BGPI, INRA, Montpellier SupAgro, Univ. Montpellier, Cirad, TA A-54/K, Campus de Baillarguet, 34398, Montpellier cedex 5, France.
ASTRE, INRA, CIRAD, Univ. Montpellier, Montpellier, France.
PLoS Comput Biol. 2018 Apr 30;14(4):e1006085. doi: 10.1371/journal.pcbi.1006085. eCollection 2018 Apr.

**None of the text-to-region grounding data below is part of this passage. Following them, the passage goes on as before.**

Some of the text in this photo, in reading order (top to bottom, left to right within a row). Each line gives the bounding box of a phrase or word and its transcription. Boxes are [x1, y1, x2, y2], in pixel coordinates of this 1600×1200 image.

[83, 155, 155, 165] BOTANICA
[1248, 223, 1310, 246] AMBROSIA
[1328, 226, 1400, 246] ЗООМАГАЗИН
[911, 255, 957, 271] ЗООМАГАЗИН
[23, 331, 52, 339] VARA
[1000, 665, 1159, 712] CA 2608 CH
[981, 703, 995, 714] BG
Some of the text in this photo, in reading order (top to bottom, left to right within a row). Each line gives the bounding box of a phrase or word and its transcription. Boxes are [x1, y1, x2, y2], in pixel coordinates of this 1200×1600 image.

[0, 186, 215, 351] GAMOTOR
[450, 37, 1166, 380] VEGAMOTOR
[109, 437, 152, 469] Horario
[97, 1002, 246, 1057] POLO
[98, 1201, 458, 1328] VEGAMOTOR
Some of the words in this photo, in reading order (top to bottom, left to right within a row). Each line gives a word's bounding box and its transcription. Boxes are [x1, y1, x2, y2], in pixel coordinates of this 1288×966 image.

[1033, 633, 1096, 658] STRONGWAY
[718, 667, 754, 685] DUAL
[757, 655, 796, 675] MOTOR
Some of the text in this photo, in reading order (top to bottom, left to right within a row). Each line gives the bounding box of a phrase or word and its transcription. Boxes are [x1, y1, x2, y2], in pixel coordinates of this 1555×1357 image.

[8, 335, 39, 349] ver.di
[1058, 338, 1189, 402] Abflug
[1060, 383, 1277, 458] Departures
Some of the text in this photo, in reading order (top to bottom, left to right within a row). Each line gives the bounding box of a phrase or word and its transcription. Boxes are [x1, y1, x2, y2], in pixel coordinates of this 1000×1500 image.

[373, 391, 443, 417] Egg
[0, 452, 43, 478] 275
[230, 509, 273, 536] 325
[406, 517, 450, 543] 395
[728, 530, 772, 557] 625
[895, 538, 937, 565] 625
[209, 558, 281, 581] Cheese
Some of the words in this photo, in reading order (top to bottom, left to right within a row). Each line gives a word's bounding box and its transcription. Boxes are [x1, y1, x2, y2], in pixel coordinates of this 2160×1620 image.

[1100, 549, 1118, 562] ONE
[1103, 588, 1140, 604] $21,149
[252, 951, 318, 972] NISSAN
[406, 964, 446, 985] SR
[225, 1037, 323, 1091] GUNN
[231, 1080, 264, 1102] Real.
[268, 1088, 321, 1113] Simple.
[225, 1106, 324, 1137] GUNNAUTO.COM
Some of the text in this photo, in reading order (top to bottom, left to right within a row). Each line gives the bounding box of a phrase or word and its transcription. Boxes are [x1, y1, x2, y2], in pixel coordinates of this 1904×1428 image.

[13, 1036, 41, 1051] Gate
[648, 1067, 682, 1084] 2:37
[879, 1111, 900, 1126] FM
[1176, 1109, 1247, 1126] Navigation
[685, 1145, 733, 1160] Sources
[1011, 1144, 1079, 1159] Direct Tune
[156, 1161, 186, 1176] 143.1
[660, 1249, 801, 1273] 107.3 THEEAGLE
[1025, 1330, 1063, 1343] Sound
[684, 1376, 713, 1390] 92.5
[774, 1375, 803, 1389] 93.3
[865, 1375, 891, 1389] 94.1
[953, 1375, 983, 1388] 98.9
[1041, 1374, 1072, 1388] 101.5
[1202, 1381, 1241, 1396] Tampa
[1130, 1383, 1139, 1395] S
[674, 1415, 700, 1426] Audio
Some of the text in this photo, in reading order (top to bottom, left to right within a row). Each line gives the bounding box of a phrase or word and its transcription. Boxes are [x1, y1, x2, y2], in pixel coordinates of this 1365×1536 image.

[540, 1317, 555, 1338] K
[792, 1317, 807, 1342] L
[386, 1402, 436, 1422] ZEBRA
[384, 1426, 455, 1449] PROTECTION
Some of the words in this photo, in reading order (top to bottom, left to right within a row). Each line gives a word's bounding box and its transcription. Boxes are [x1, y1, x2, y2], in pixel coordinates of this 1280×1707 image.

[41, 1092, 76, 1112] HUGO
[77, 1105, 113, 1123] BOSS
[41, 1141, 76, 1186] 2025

Characterising the spatio-temporal dynamics of pathogens in natura is key to ensuring their efficient prevention and control. However, it is notoriously difficult to estimate dispersal parameters at scales that are relevant to real epidemics. Epidemiological surveys can provide informative data, but parameter estimation can be hampered when the timing of the epidemiological events is uncertain, and in the presence of interactions between disease spread, surveillance, and control. Further complications arise from imperfect detection of disease and from the huge number of data on individual hosts arising from landscape-level surveys. Here, we present a Bayesian framework that overcomes these barriers by integrating over associated uncertainties in a model explicitly combining the processes of disease dispersal, surveillance and control. Using a novel computationally efficient approach to account for patch geometry, we demonstrate that disease dispersal distances can be estimated accurately in a patchy (i.e. fragmented) landscape when disease control is ongoing. Applying this model to data for an aphid-borne virus (Plum pox virus) surveyed for 15 years in 605 orchards, we obtain the first estimate of the distribution of flight distances of infectious aphids at the landscape scale. About 50% of aphid flights terminate beyond 90 m, which implies that most infectious aphids leaving a tree land outside the bounds of a 1-ha orchard. Moreover, long-distance flights are not rare-10% of flights exceed 1 km. By their impact on our quantitative understanding of winged aphid dispersal, these results can inform the design of management strategies for plant viruses, which are mainly aphid-borne.
描述病原体在自然环境中的时空动态是确保其有效预防和控制的关键。然而,在与实际疫情相关的规模上估计扩散参数是非常困难的。流行病学调查可以提供有价值的数据,但当流行病学事件的时间不确定时,以及疾病传播、监测和控制之间存在相互作用时,参数估计可能会受到阻碍。进一步的复杂性来自于疾病检测的不完善以及来自景观水平调查的大量个体宿主数据。在这里,我们提出了一个贝叶斯框架,通过在一个明确结合疾病传播、监测和控制过程的模型中对相关不确定性进行整合,克服了这些障碍。我们使用一种新颖的、计算效率高的方法来考虑斑块的几何形状,当疾病控制正在进行时,我们证明了在一个斑块状(即破碎化)的景观中可以准确估计疾病的扩散距离。将该模型应用于在 605 个果园中进行了 15 年调查的一种蚜虫传播病毒(李痘病毒)的数据,我们首次获得了在景观尺度上传染性蚜虫飞行距离分布的估计。大约 50%的蚜虫飞行终止于 90 米之外,这意味着大多数离开一棵树的传染性蚜虫都落在 1 公顷果园的范围之外。此外,长距离飞行并不罕见——10%的飞行超过 1 公里。这些结果通过对我们对带翅膀的蚜虫扩散的定量理解的影响,可以为植物病毒的管理策略提供信息,这些病毒主要是通过蚜虫传播的。